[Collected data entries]
· · · ·
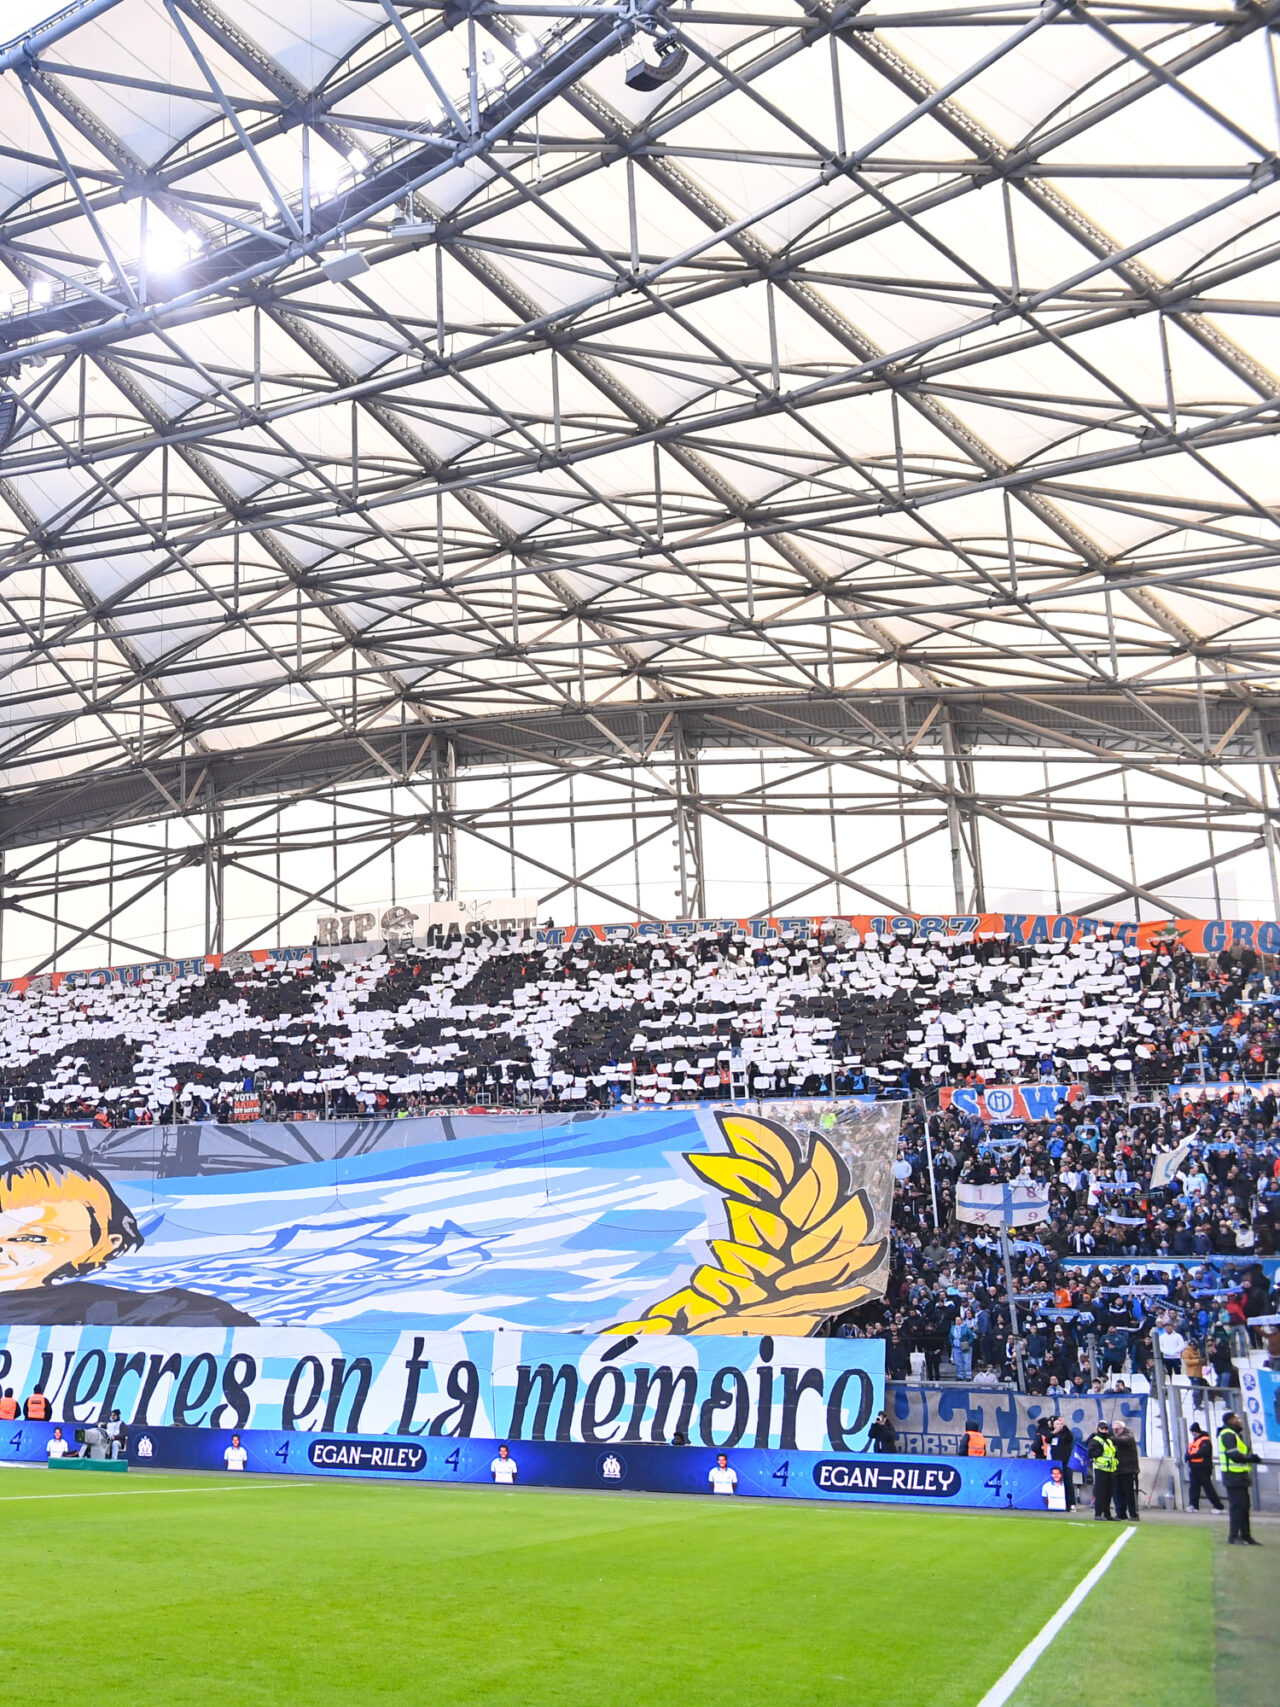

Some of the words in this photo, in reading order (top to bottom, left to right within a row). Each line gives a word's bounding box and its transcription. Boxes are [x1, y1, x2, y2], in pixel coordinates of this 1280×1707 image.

[317, 912, 376, 946] RIP
[427, 917, 537, 949] GASSET
[537, 918, 812, 946] MARSEILLE
[871, 915, 981, 939] 1987
[1004, 914, 1139, 947] KAOTIC
[38, 1348, 257, 1429] verres
[282, 1354, 373, 1434] en
[396, 1337, 479, 1437] ta
[508, 1335, 874, 1453] mémoire
[9, 1430, 23, 1451] 4
[275, 1440, 289, 1464] 4
[313, 1445, 422, 1467] EGAN-RILEY
[445, 1447, 460, 1471] 4
[772, 1460, 789, 1487] 4
[819, 1466, 955, 1491] EGAN-RILEY
[984, 1469, 1002, 1496] 4
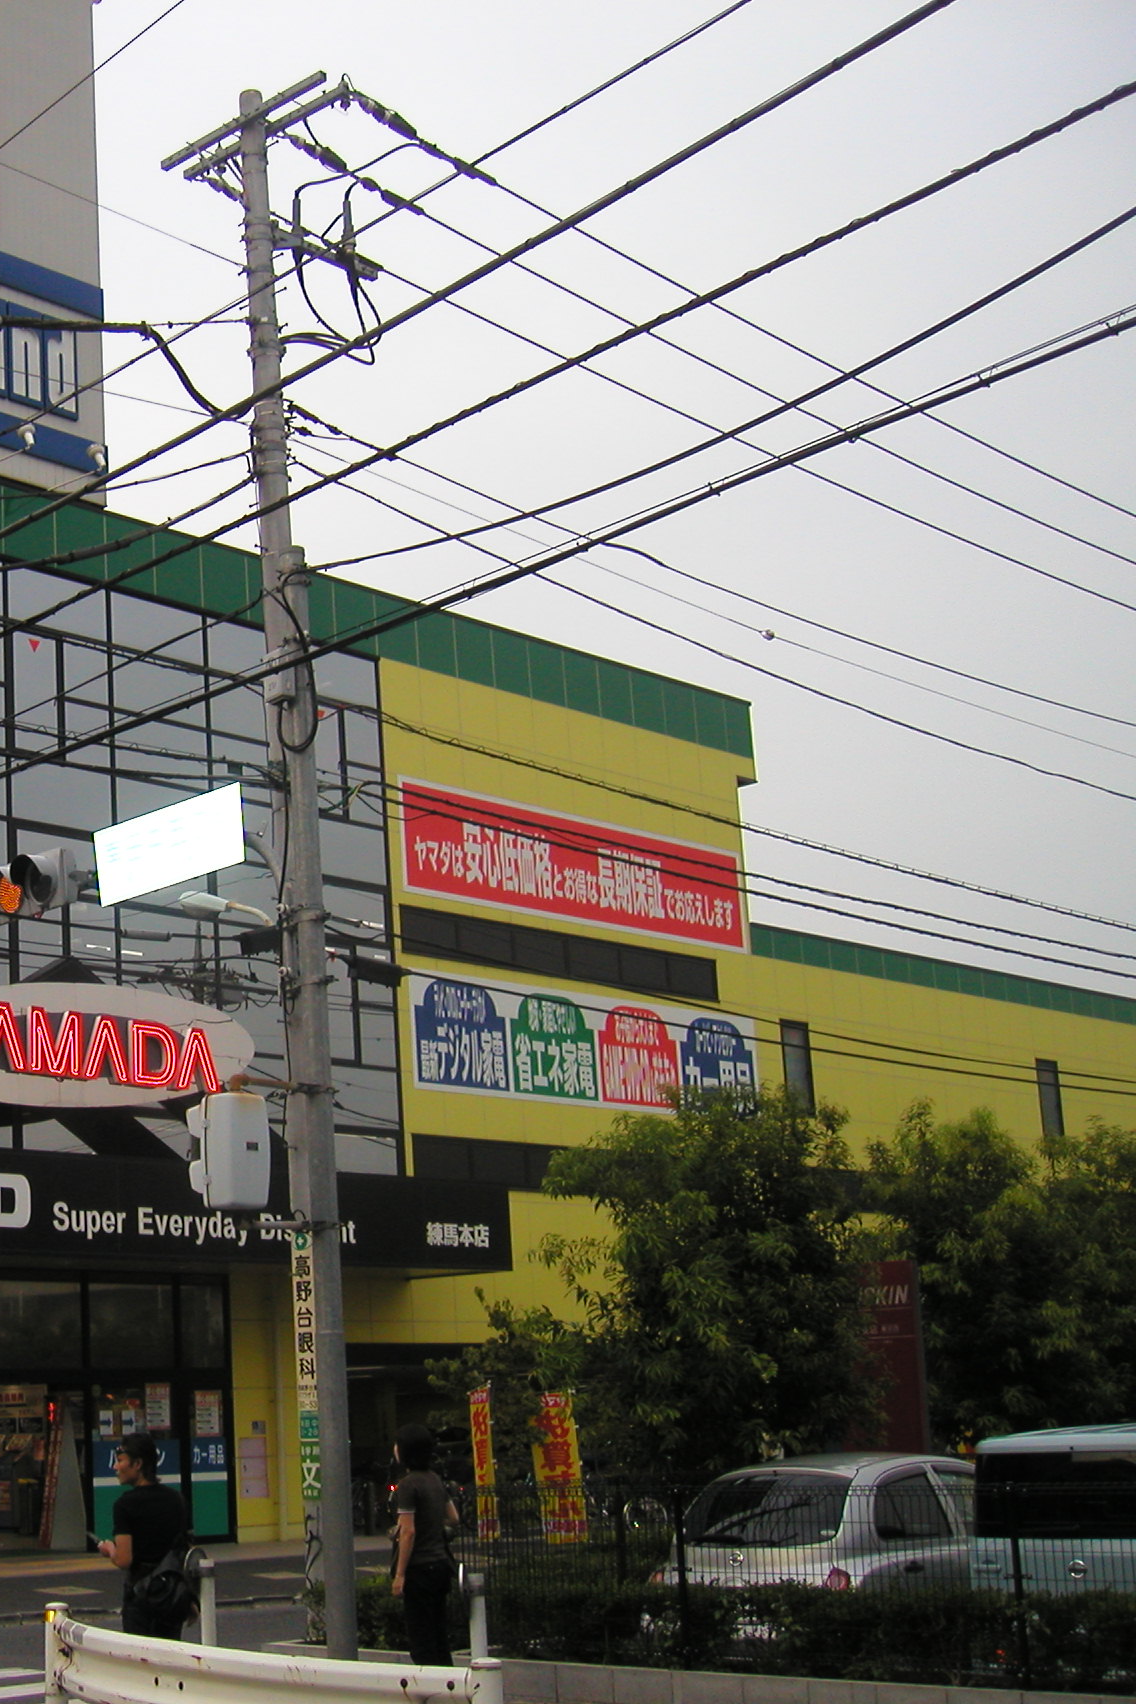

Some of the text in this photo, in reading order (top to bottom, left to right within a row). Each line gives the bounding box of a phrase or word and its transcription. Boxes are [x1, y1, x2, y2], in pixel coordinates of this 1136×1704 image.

[515, 1031, 596, 1098] 省エネ家電
[52, 1201, 127, 1240] Super
[426, 1221, 490, 1248] 練馬本店
[294, 1254, 316, 1380] 高野台眼科
[192, 1444, 225, 1466] カー用品
[301, 1458, 322, 1489] 文
· · · ·
> _WORK ITEM_:
Transcribe all of the entries word for word, but skip any pictures they contain.

> _WRITTEN RESPONSE_:
Some of the words in this photo, in reading order (top to bottom, left to right within a row). Each line gives a word's bounding box and its transcription. Boxes are [x1, y1, x2, y2], in pixel coordinates of this 1280×1707 image.

[317, 912, 376, 946] RIP
[427, 917, 537, 949] GASSET
[537, 918, 812, 946] MARSEILLE
[871, 915, 981, 939] 1987
[1004, 914, 1139, 947] KAOTIC
[38, 1348, 257, 1429] verres
[282, 1354, 373, 1434] en
[396, 1337, 479, 1437] ta
[508, 1335, 874, 1453] mémoire
[9, 1430, 23, 1451] 4
[275, 1440, 289, 1464] 4
[313, 1445, 422, 1467] EGAN-RILEY
[445, 1447, 460, 1471] 4
[772, 1460, 789, 1487] 4
[819, 1466, 955, 1491] EGAN-RILEY
[984, 1469, 1002, 1496] 4

Some of the text in this photo, in reading order (top to bottom, left to right within a row). Each line gives the bounding box of a phrase or word and its transcription. Boxes are [x1, y1, x2, y2], in pixel coordinates of this 1136×1704 image.

[515, 1031, 596, 1098] 省エネ家電
[52, 1201, 127, 1240] Super
[426, 1221, 490, 1248] 練馬本店
[294, 1254, 316, 1380] 高野台眼科
[192, 1444, 225, 1466] カー用品
[301, 1458, 322, 1489] 文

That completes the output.